Alaska needs a broadband office, task force tells governor

A 14-member task force made several recommendations for improving broadband capabilities across Alaska, which ranks dead least for high-speed connectivity.
Mike Dunleavy
Alaska Gov. Mike Dunleavy (Jim Watson / AFP / Getty Images)

To understand what’s “likely the most unreliable” level of broadband coverage in the country, Alaska should open a statewide broadband office and prioritize data-driven infrastructure spending, a task force of state legislators, agency executives, rural officials and tribal leaders concluded in a report released earlier this month.

Alaska currently ranks dead last in the country in broadband access, according to BroadbandNow. But the task force, which has met monthly since July, concluded the state can improve by opening a dedicated broadband-deployment office to oversee internet-connectivity efforts, especially those related to health care, education and tribal communities. The 14-member group also recommended the proposed office be overseen by a statewide advisory board, as well as regional planning committees to represent local interests. Any future broadband expansion projects should be data-driven and focus on equity and affordability, the report said.

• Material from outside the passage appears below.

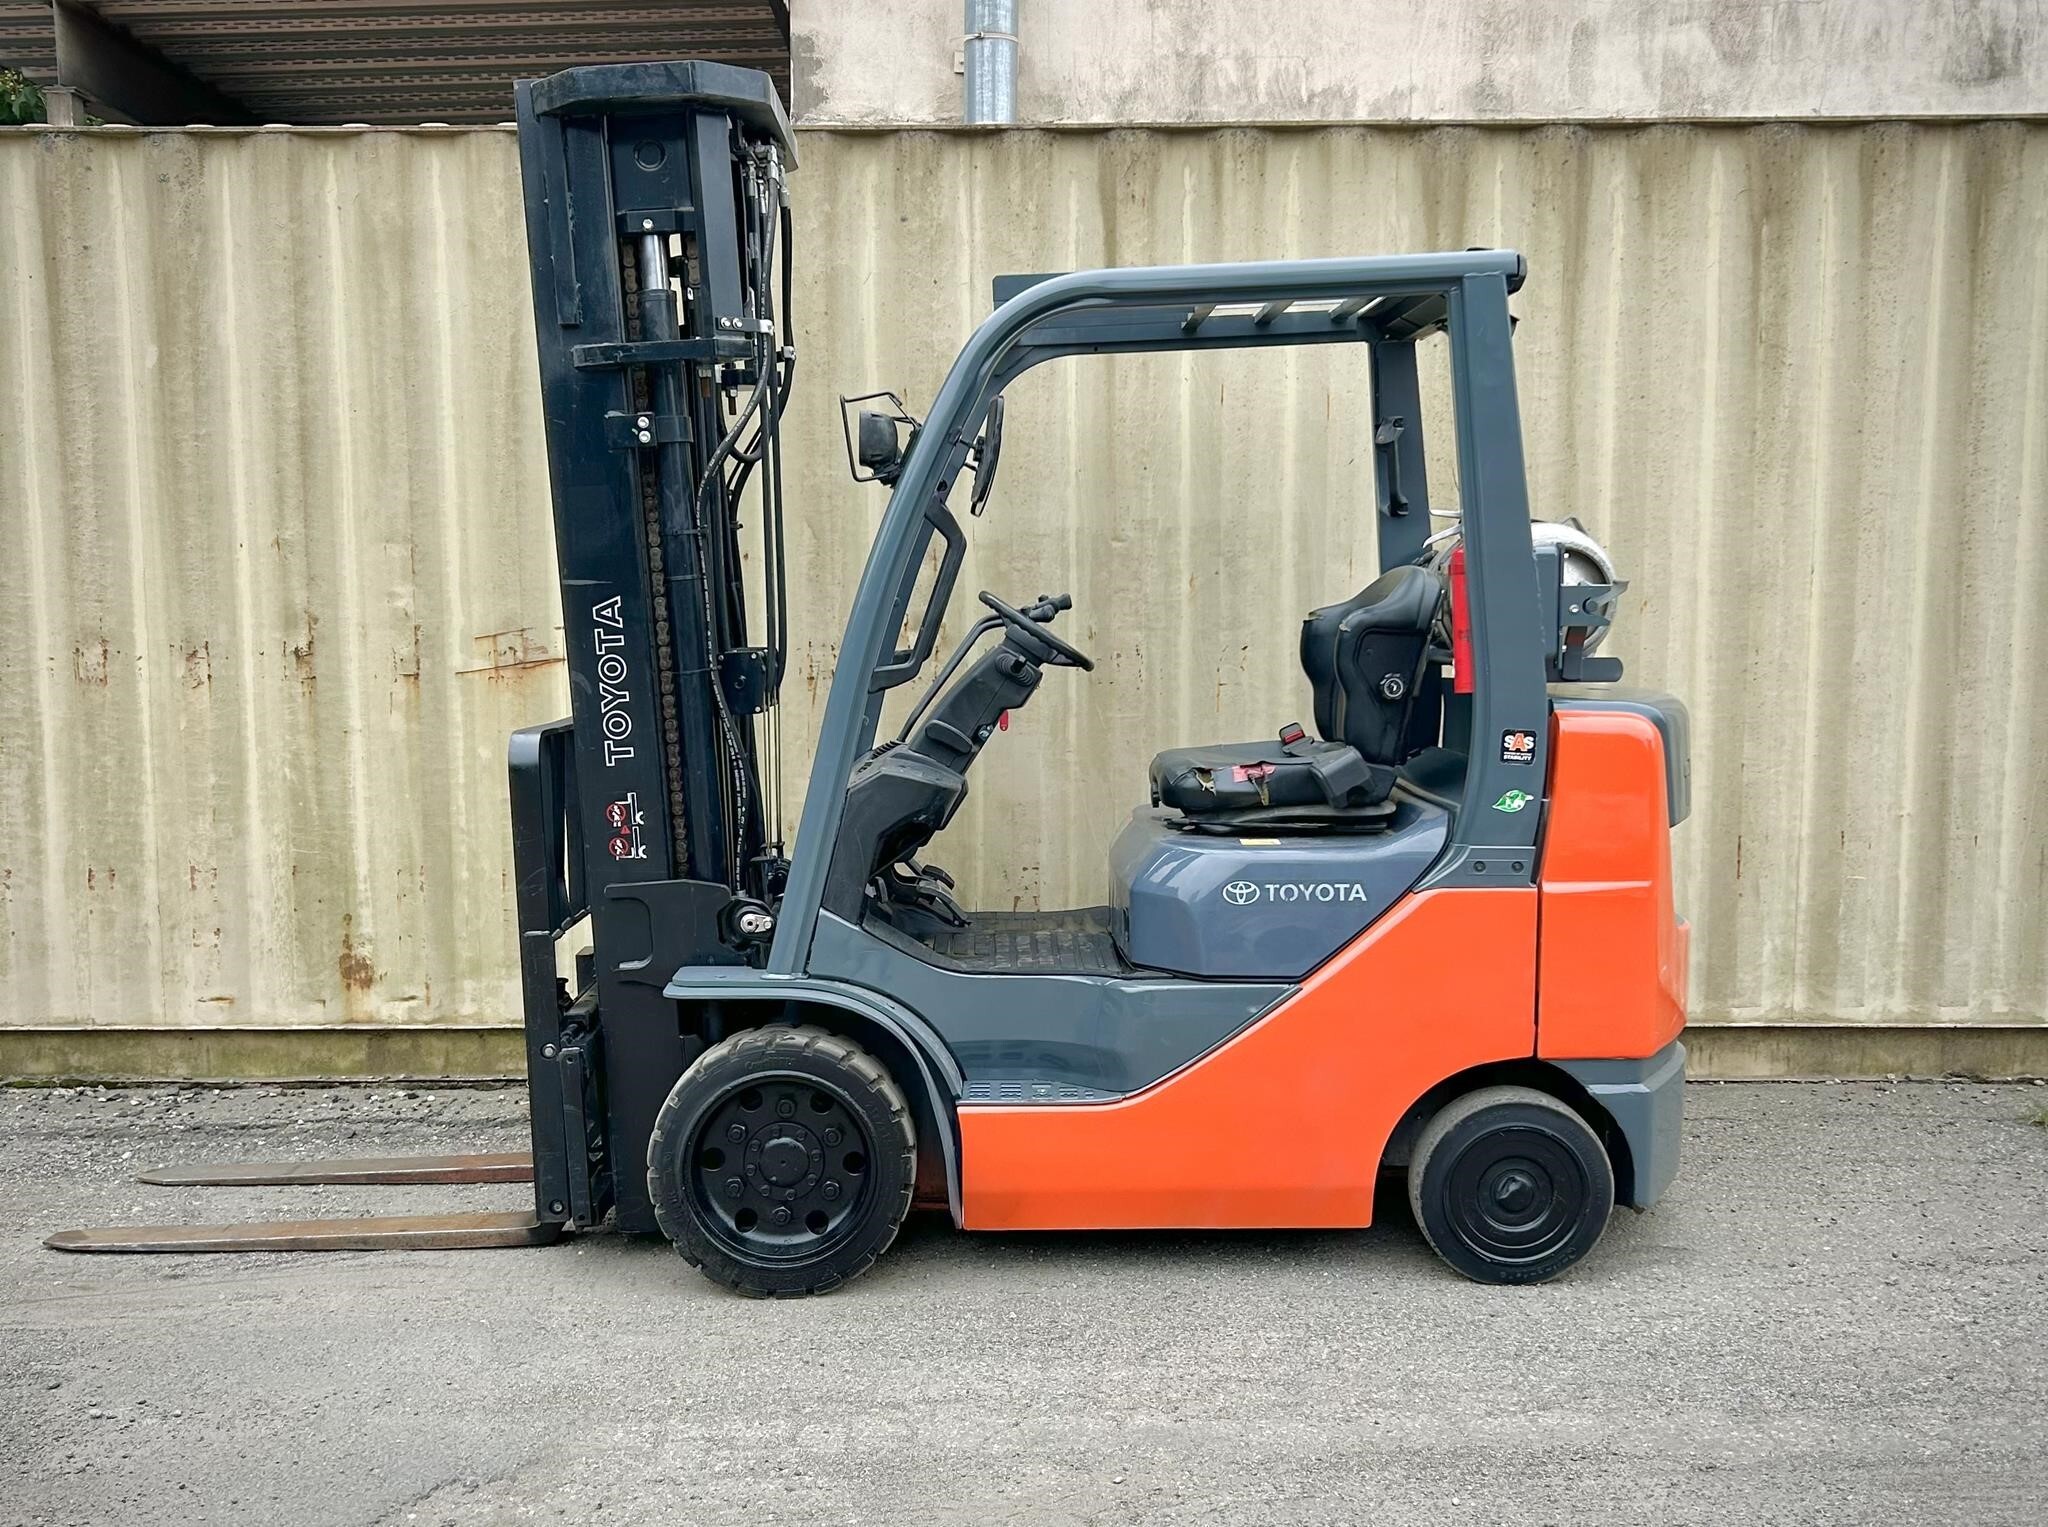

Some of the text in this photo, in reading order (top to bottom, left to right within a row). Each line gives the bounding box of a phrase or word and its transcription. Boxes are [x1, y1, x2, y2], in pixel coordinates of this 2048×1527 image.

[592, 595, 636, 767] TOYOTA
[1503, 733, 1534, 752] SAS
[1265, 883, 1368, 902] TOYOTA
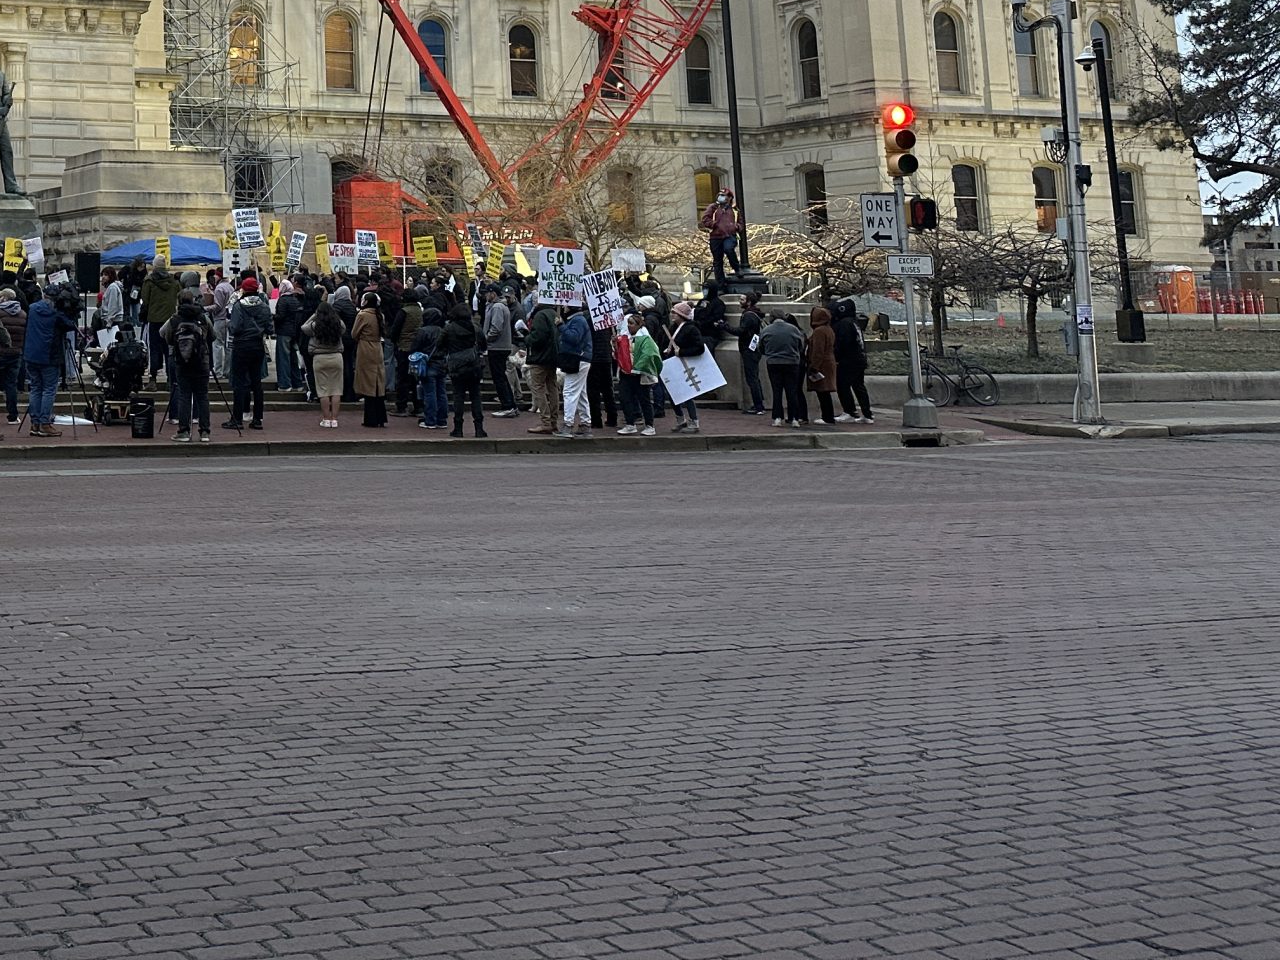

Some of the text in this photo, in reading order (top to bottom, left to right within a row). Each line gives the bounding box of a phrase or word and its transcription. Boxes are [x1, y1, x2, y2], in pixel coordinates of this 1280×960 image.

Gov. Mike Dunleavy created the task force in May, instructing its members to assess and identify any gaps in Alaska’s current broadband system in preparation for potentially billions of dollars in new federal funding for high-speed internet. State officials expect to receive at least $1 billion from the infrastructure spending plan President Joe Biden signed earlier this month, following rounds of broadband funding in pandemic relief legislation.

The task force concluded that Alaska needs to build networks faster than the Federal Communications Commission’s current minimum standards and invest in a “middle-mile” backbone of fiberoptic cable capable of reaching underserved communities in the state’s far-flung expanses.


“The task force determined that the state’s middle-mile infrastructure must be capable of supporting the end-user broadband service required within a community,” the task force’s report read. “Insufficient middle-mile capacity will ultimately result in degraded last-mile capacity and, thus, poor end-user experiences online, inhibiting commerce and the delivery of healthcare, education, and government services.”

Broadband advocates around the country have expressed optimism for the infrastructure law’s potential to close their digital divides, though getting accurate broadband coverage data is still a challenge. The federal government’s current maps of broadband coverage “stink,” in the estimation of acting FCC Chair Jessica Rosenworcel. The challenge is even greater in Alaska, home to the largest census blocks in the country, making it easier for internet service providers to overstate the reach of their networks.

Alaska doesn’t keep coverage maps of its own, as some other states do, though the task force recommended that any new broadband office do so.

“Of all U.S. states, Alaska is, by almost any measure, the most challenging place to ensure the ubiquitous delivery of high-quality broadband services,” the report read. “This is true both in the assessment of broadband needs and the closure of coverage gaps once those needs are identified.”